WORK INSTRUCTION: Write out the entries exactly, leaving out every picture.

DATA SUPPLIED:
※ ※ ※

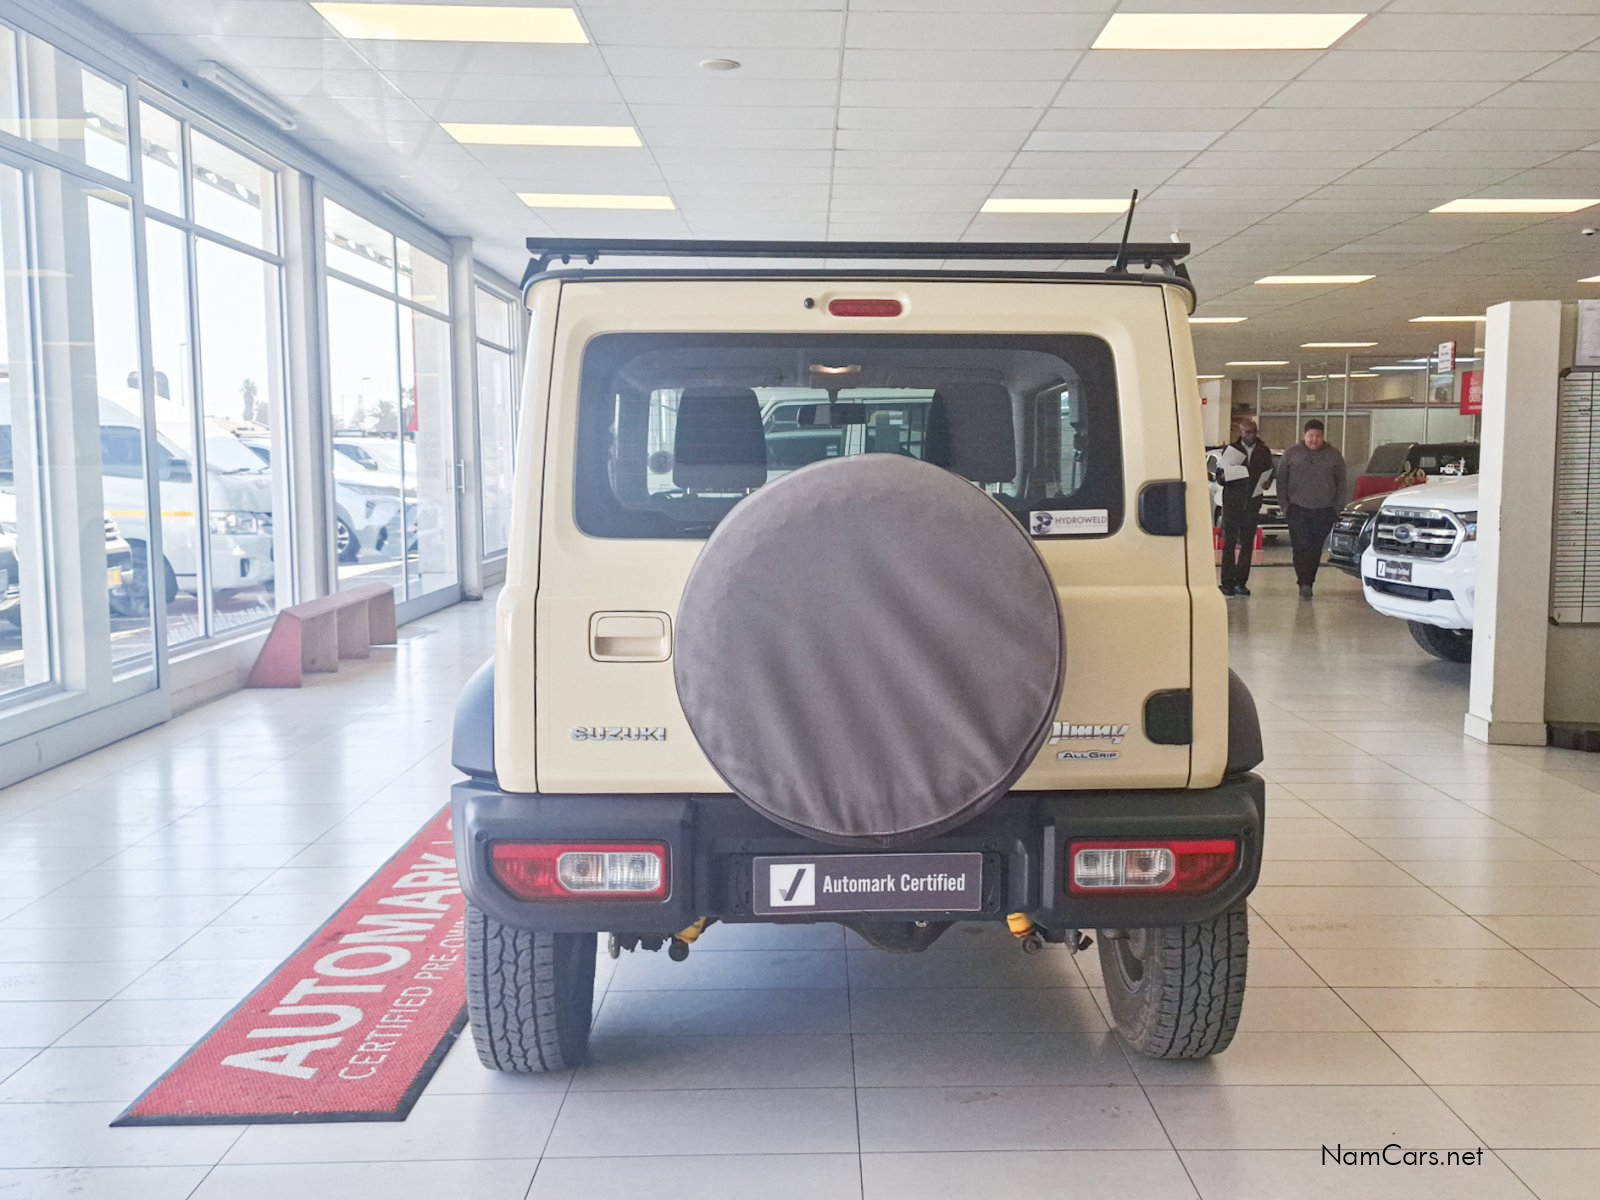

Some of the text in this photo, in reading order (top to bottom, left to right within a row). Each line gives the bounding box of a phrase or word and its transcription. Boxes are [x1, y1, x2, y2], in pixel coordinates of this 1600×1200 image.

[1055, 515, 1107, 526] HYDROWELD
[571, 726, 667, 741] SUZUKI
[1048, 721, 1130, 746] Jimny
[823, 873, 966, 893] Automark Certified
[220, 853, 462, 1080] AUTOMARK
[338, 985, 433, 1080] CERTIFIED
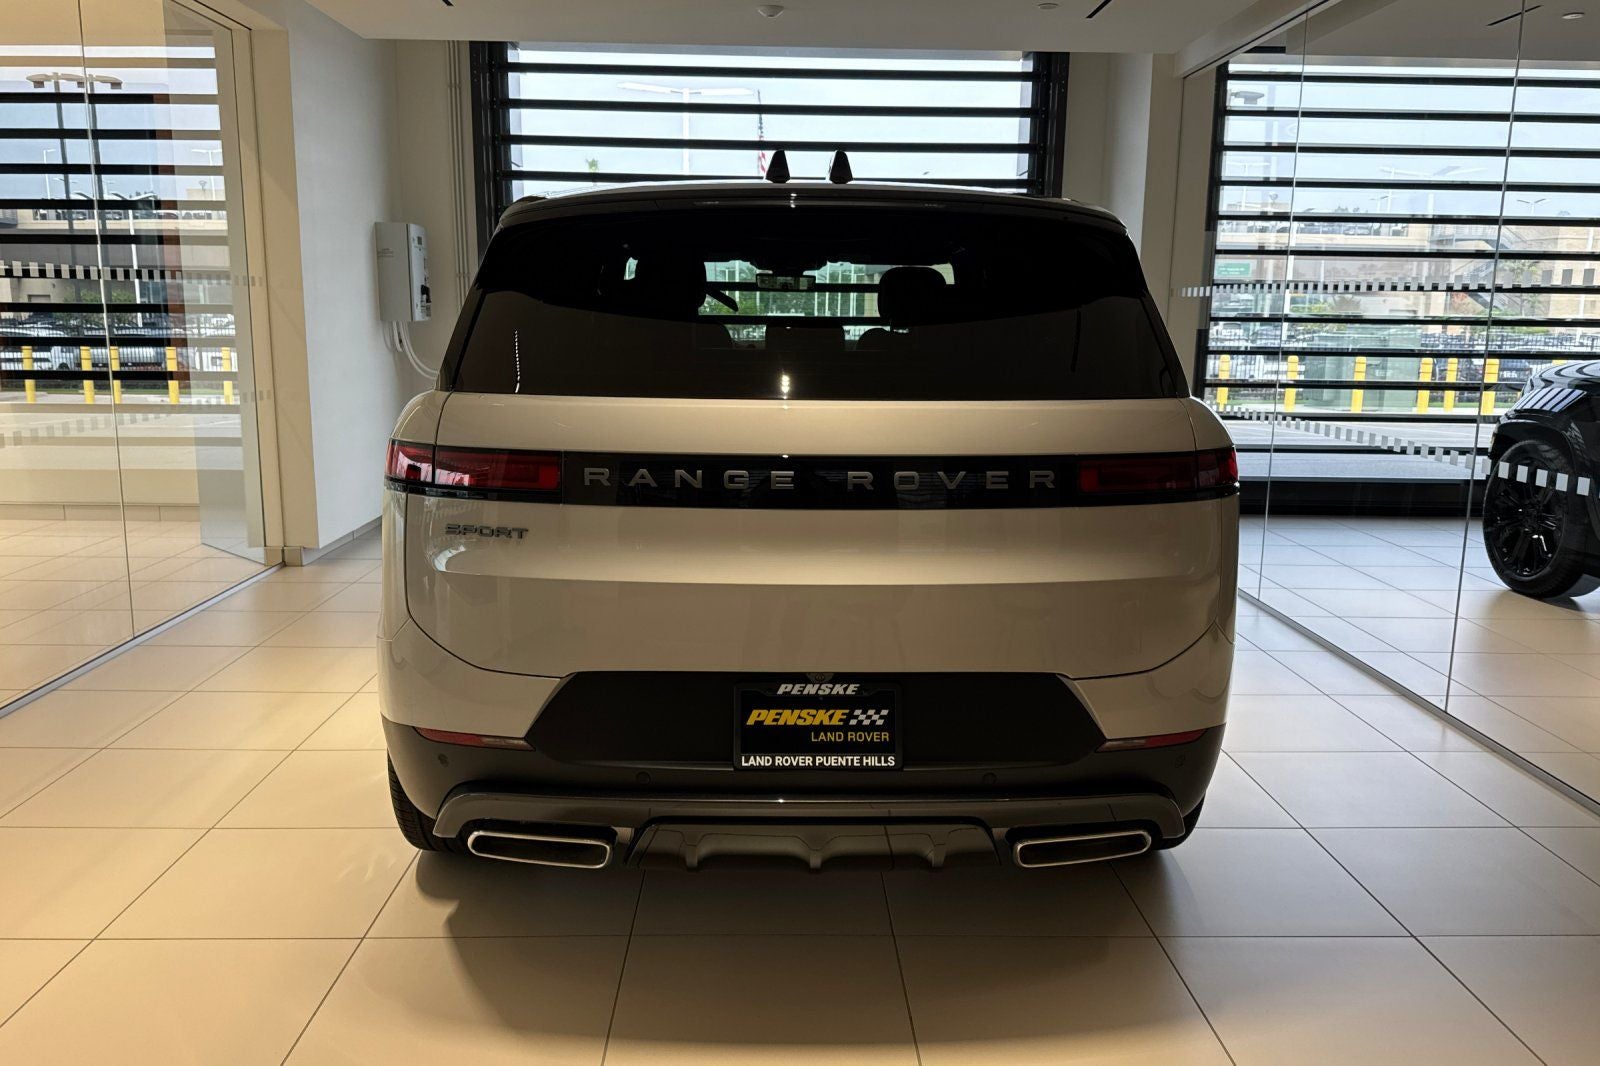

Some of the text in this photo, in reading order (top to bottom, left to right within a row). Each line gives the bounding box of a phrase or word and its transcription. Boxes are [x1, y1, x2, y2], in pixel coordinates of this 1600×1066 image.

[584, 467, 1055, 490] RANGE ROVER
[445, 523, 529, 539] SPORT
[776, 683, 860, 695] PENSKE
[746, 709, 849, 726] PENSKE
[811, 731, 889, 742] LAND ROVER
[741, 756, 895, 766] LAND ROVER PUENTE HILLS

※ ※ ※

OUTPUT FOR THIS EXERCISE:
Some of the text in this photo, in reading order (top to bottom, left to right within a row). Each line gives the bounding box of a phrase or word and its transcription. Boxes are [x1, y1, x2, y2], in pixel coordinates of this 1600×1200 image.

[1055, 515, 1107, 526] HYDROWELD
[571, 726, 667, 741] SUZUKI
[1048, 721, 1130, 746] Jimny
[823, 873, 966, 893] Automark Certified
[220, 853, 462, 1080] AUTOMARK
[338, 985, 433, 1080] CERTIFIED

Some of the text in this photo, in reading order (top to bottom, left to right within a row). Each line gives the bounding box of a phrase or word and its transcription. Boxes are [x1, y1, x2, y2], in pixel coordinates of this 1600×1066 image.

[584, 467, 1055, 490] RANGE ROVER
[445, 523, 529, 539] SPORT
[776, 683, 860, 695] PENSKE
[746, 709, 849, 726] PENSKE
[811, 731, 889, 742] LAND ROVER
[741, 756, 895, 766] LAND ROVER PUENTE HILLS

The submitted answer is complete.